With Cal’s entourage out the door, I found myself wanting to do one more thing before I followed them.  I walked over to Cal’s teacher and gave her a hug, telling her that she really did a fantastic job with Cal, that we really appreciated all of the work that she puts into her job and that she’s an excellent teacher.  I believe that.  Cal’s been with Mrs. Dunham since before he was in Kindergarten and before she was a Kindergarten teacher.  She makes it a point to recognize the potential in each kid and challenges him to tap into it.  I credit Ally with Cal’s remarkable reading abilities for his age.  That he’s also creative, pretty sharp and incredibly inquisitive may very well be in his genes; Ally just makes it a point to facilitate regular reinforcement and encouragement of those traits.

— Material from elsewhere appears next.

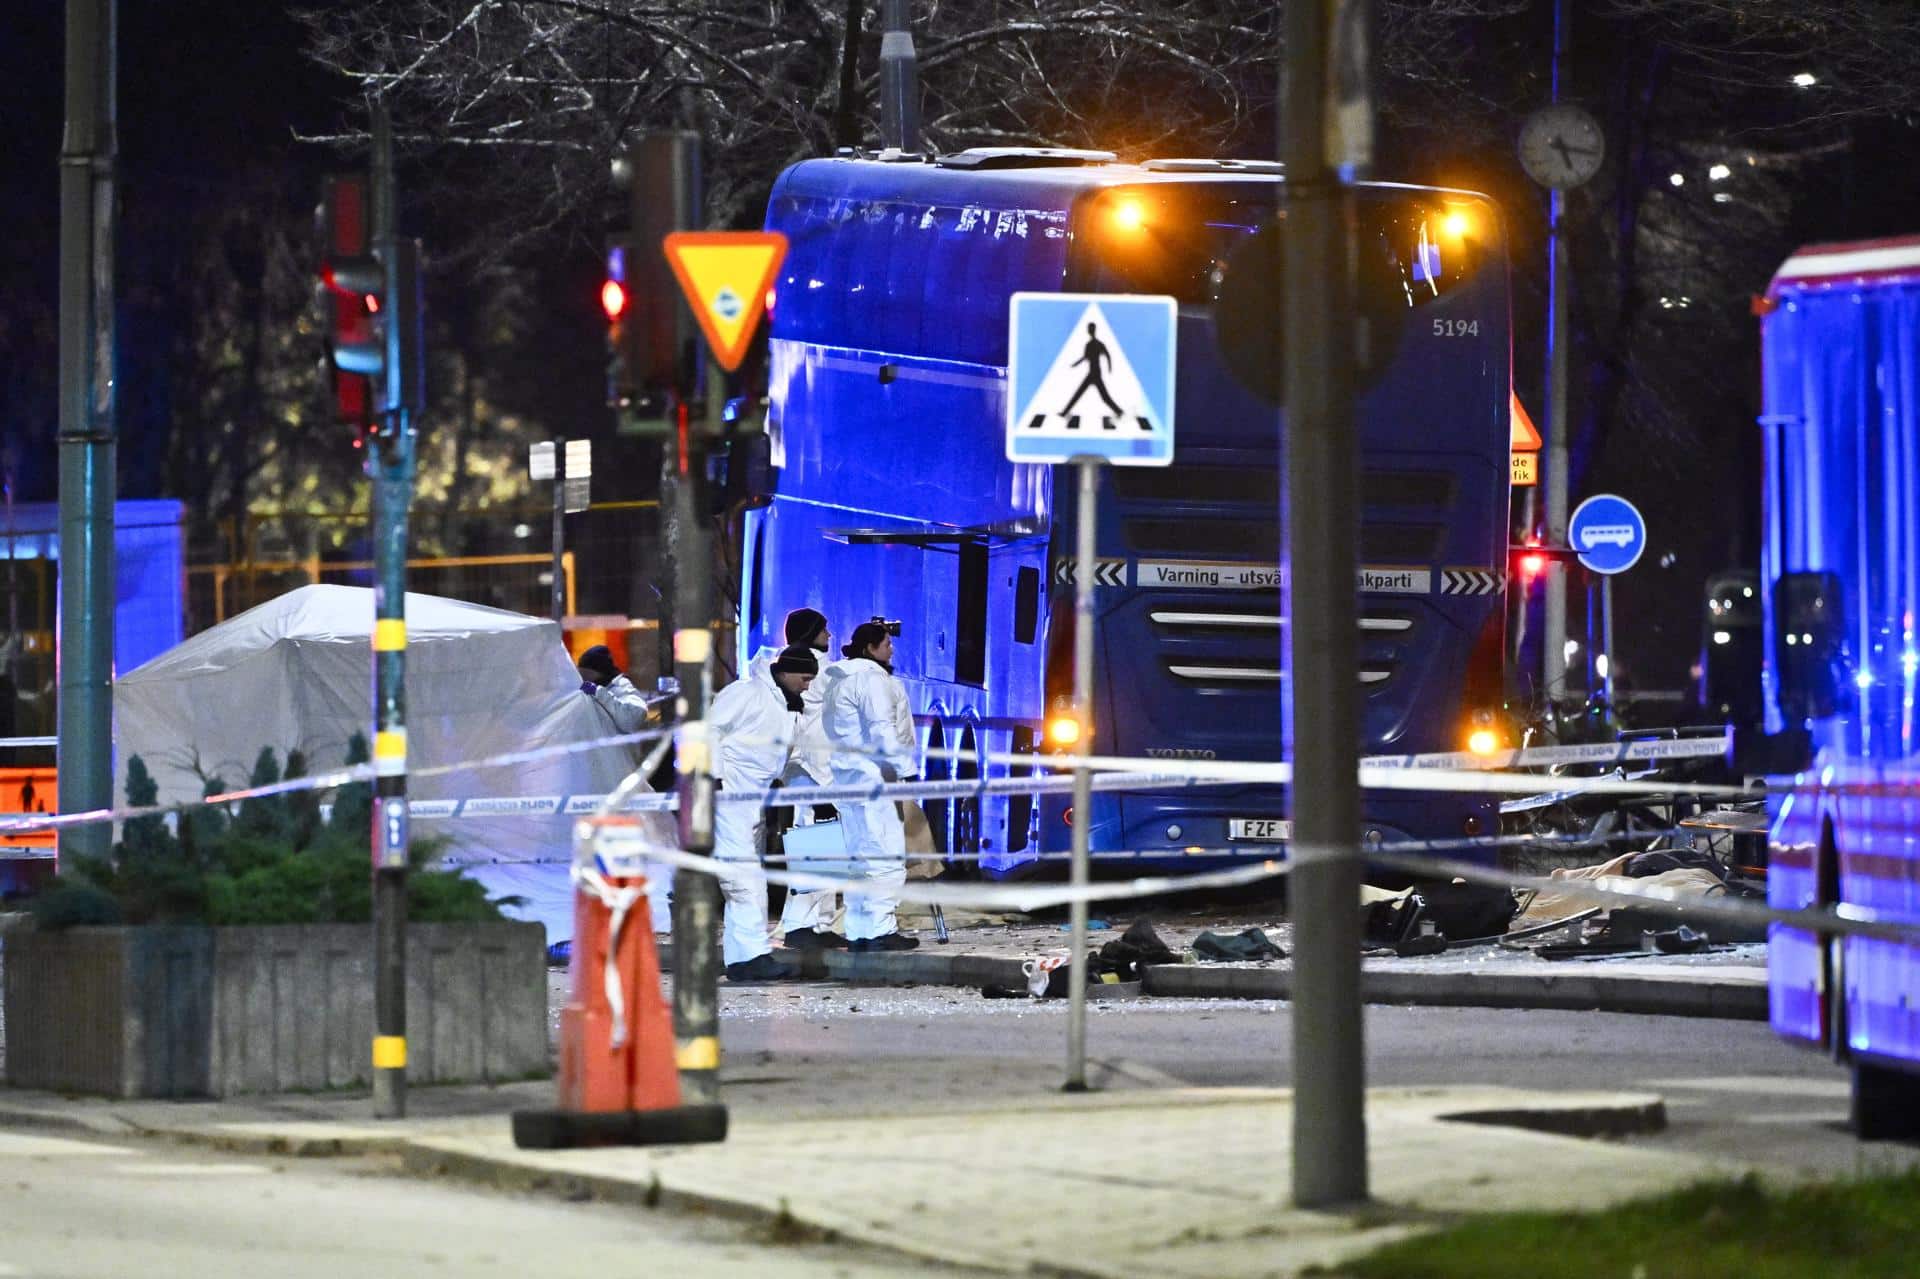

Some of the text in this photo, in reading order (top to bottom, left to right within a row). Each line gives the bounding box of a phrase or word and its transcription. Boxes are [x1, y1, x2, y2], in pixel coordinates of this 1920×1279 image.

This was Cal’s first stint in Kindergarten.  With a December birthday, he technically wasn’t old enough to start Kindergarten last fall; so he’s really due to do so this coming August.  When the Director at his current school told us that they thought Cal was ready for Kindergarten and would we like to put him into their private Kindergarten program, we jumped on the opportunity.  When she told us he could just do Kindergarten twice, then (once at his current school, and again in public school), we thought that was nutty.  If he did well in his first year in Kindergarten, why not just put him right into First Grade in public school?  Mostly, we were worried he’d be bored, and this would lead to other issues.

He did well in Kindergarten.
Then we thought about maturity.  While Cal’s always been pretty good at fitting comfortably in to social settings, he has his idiosyncracies (freaking out about his pants hitting the tops of his feet, for one) that we’d hate to be problematic in First Grade and that another year might help to address.  And, just as important, did we want him to be the smallest and youngest in the sports he chooses to play or the biggest and oldest?  With the latter as the obvious preference and figuring another year to mature would be beneficial, we decided his first year of public school would be spent in another round of Kindergarten.  It would be different enough and with new opportunities that we really believe (hope?) he won’t be bored.
It's not that we stressed regularly about our decision, but it really seemed like a big one.  Sure, it's Kindergarten vs. First Grade; but I feel like we're setting the stage for Cal's life with this single decision.  With this single decision, we set him on a path with different potential friends, different potential teammates, different experiences altogether than he would have been had we put him into First Grade now.
I find comfort in knowing we weren’t alone in our decision.  Most others in Cal’s Kindergarten class who weren’t old enough to start Kindergarten in public school this year are doing the same.
So we, along with Cal's grandparents, celebrated Cal's first Kindergarten graduation with a dinner at Choo Choo Johnny's, Cal's restaurant of choice.  I may have asked him ten times over the course of the week leading up to his day if he wanted to go to "B-DUBS AND GET MAGGIE MOOS AFTERWARD or Choo Choo Johnny's and just get ice cream there?"  Each time he answered definitively, "Choo Choo Johnny's," resisting my obvious suggestion that he pick B-Dubs and Maggie Moos.  The kid knows what he likes and wants.  Maybe next year, for Kindergarten Graduation - Take 2, he'll pick B-Dubs.  I know it'll be in the mix of choices, and maybe he'll have matured his way out of Choo Choo Johnny's.